Toward the end of her testimony, Mack closed her eyes and covered her face before speaking to the man who shot her twice.

“I forgive you for myself — not because I want to forgive you to make you feel better, but because if I don’t, I won’t get through it. I hope that you find happiness. I know your life has changed now, too,” Mack said.

Asher was looking at her, after spending the majority of the time looking down during her testimony.

“You are a monster, but I am forgiving you and letting it go,” she told him. “This is my chance to get it out and start to move forward.”

Mack asked Judge Judith Stewart to have “no mercy” when determining his prison sentence because he did not have mercy for her and Hillen.

Deputy Prosecuting Attorney Tom Barr listed multiple circumstances for the judge to consider to enhance Asher’s sentence, including the harm the victims suffered, their lasting trauma, and Asher’s criminal history, which includes misdemeanor charges for domestic battery and criminal recklessness.

Asher also was charged with 14 counts of invasion of privacy in a separate case for contacting Mack while he was still in jail.
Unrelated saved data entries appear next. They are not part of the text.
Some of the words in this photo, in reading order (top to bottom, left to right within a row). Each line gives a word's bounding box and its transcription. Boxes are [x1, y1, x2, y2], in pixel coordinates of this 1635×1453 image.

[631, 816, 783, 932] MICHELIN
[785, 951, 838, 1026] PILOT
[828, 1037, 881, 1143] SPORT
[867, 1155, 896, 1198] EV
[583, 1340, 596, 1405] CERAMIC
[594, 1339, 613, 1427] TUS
According to the prosecutor and Mack, Asher also tried from his jail cell to arrange for other people to attack Mack. “I was afraid to even leave my house,” she said.
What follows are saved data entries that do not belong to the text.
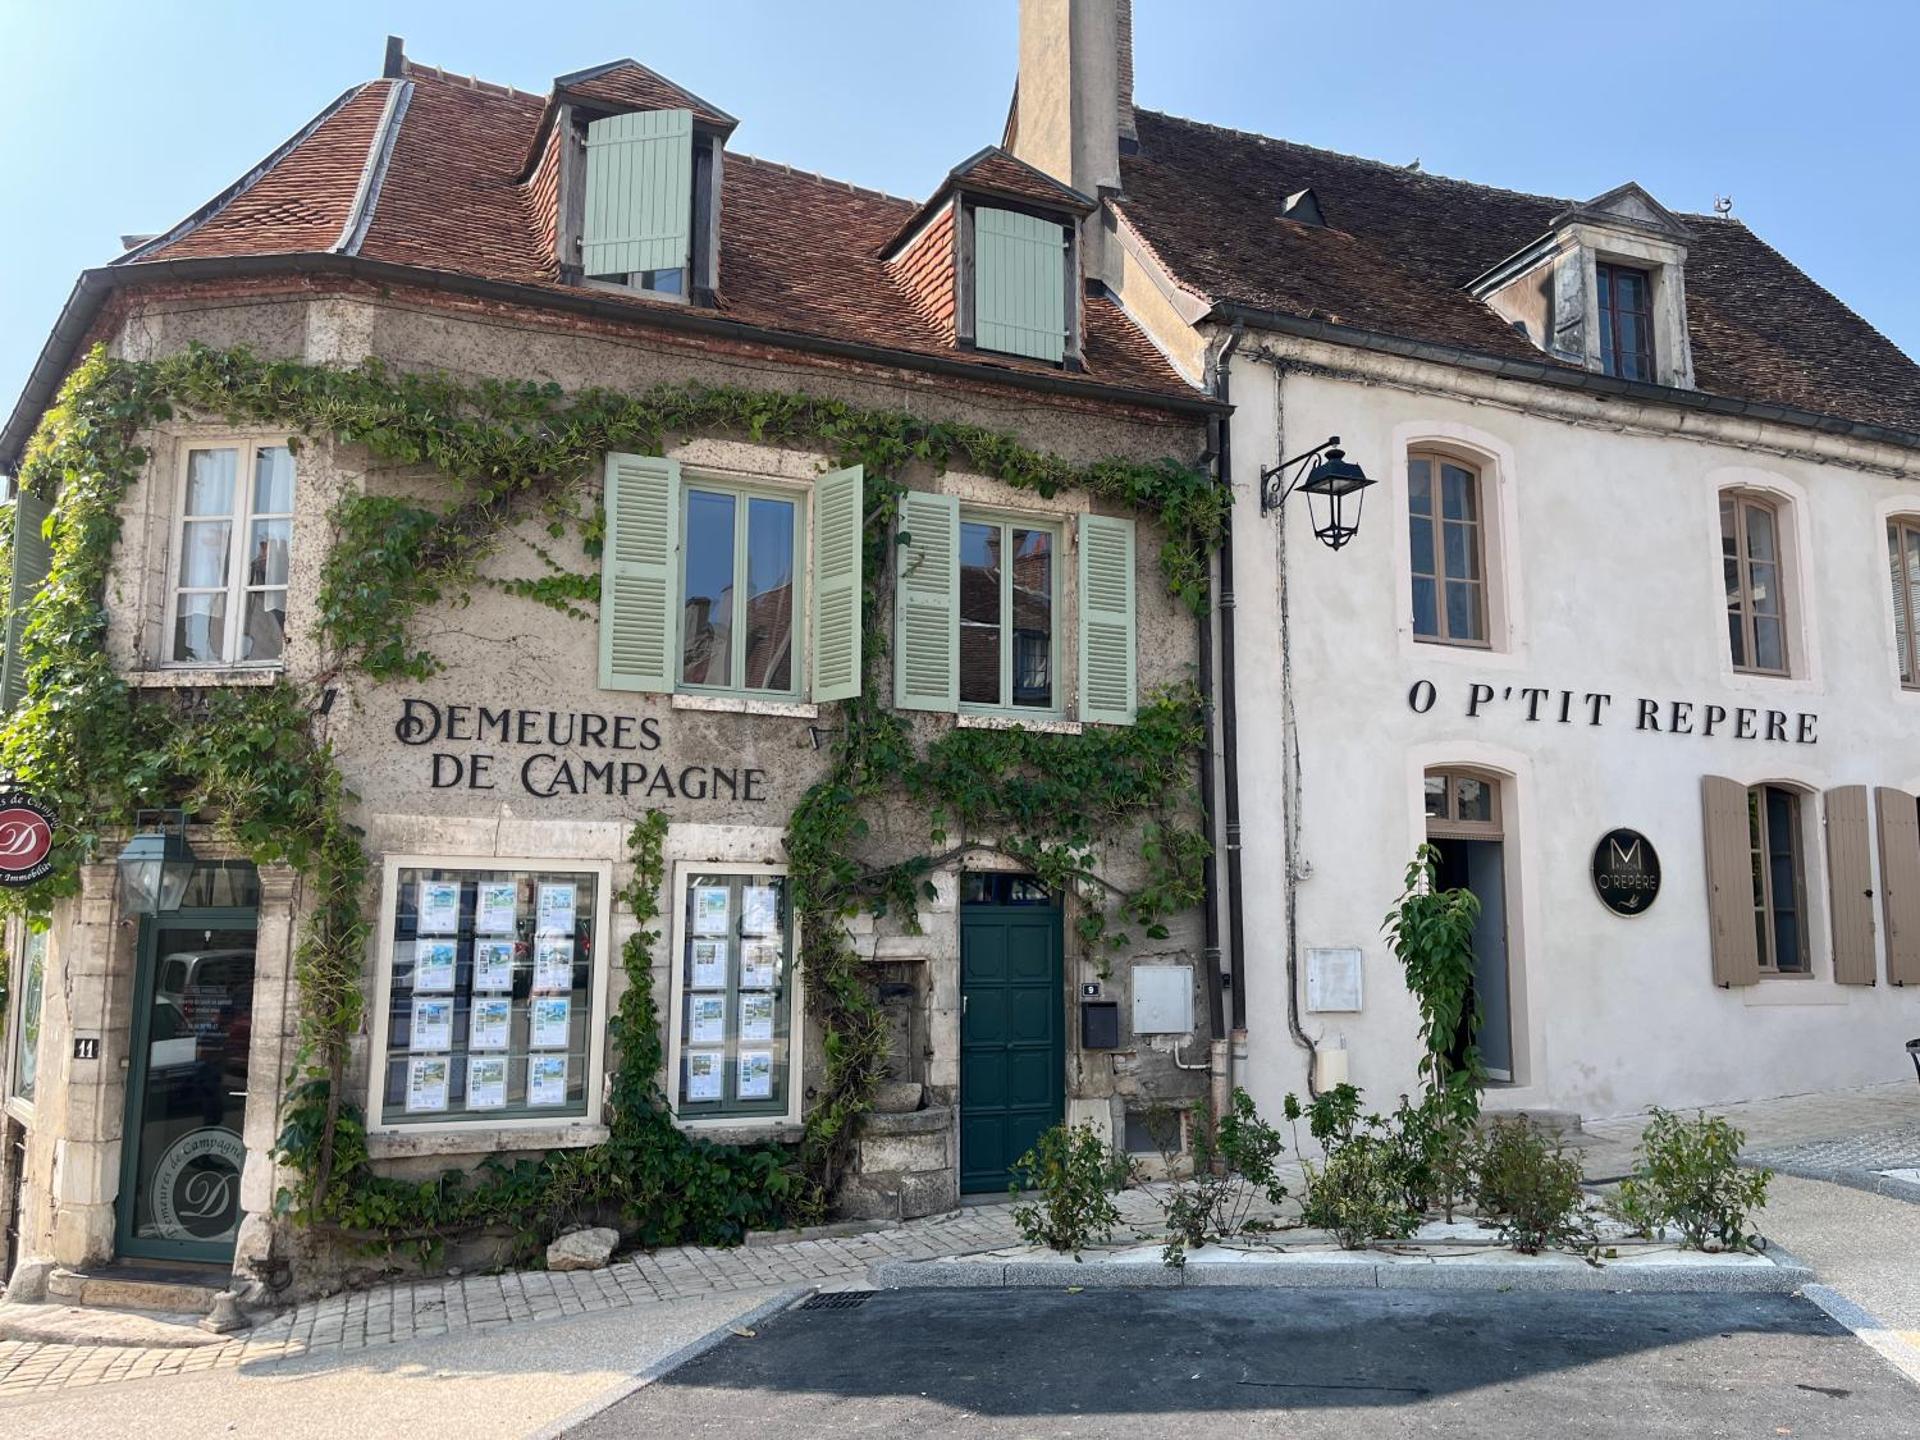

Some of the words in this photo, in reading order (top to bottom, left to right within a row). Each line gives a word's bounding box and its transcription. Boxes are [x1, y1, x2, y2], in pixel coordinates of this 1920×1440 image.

[395, 698, 662, 751] DEMEURES
[1408, 680, 1437, 714] O
[1465, 683, 1612, 726] P'TIT
[1635, 698, 1820, 744] REPERE
[430, 753, 496, 790] DE
[520, 753, 767, 801] CAMPAGNE
[1088, 986, 1095, 994] 9
[78, 1039, 93, 1058] 11
[169, 1151, 182, 1169] de
Moore argued that if Asher wanted to kill Mack and whoever he thought was with her, he would have used the AK47.

“If he had gone there to kill, he did a lousy job at planning it,” Moore said.

After the gun was empty “he could have continued to attack with his bare hands, or kick the door into the house, grabbed a knife and continued an attack. He stopped after the bullets ran out. What we have is intent to kill that existed for a period of time,” Moore said.

He asked the judge to “take mercy” on Asher, 32, so that he could have “meaningful years at the end of his life” once he’s out of prison.

Asher testified he would further his education while in prison and that he plans to have a relationship with his two children once he is released.

‘They could finally move on’

Prior to being sentenced this month, Asher tried to withdraw his guilty plea. After thinking about the plea, Asher felt that “he no longer felt he had specific intent” to murder his victims, Moore said.

Stewart denied that motion.

It wasn’t the first time Asher had wanted to change his plea. In December 2016, he rejected his plea agreement and asked for a jury trial. The court then granted four continuances.

A week before the trial was to start, Asher pleaded guilty to both counts of attempted murder and the court accepted his plea. But then he told a probation officer that he wanted to withdraw that plea and he wanted a new public defender.

Adams alleged that all the delays were an “act of psychological warfare” against the victims.

After the sentencing, Adams said he and Barr saw the two victims laughing outside the courthouse.

“It was as if an enormous burden had been lifted off of their shoulders, and they felt at ease enough, in the shadow of a courthouse that, for nearly two years, brought them emotional pain and letdown,” he said in the press release.

“I have spent an enormous amount of time with them, and I could not remember a time of either one laughing robustly. … They could finally move on.”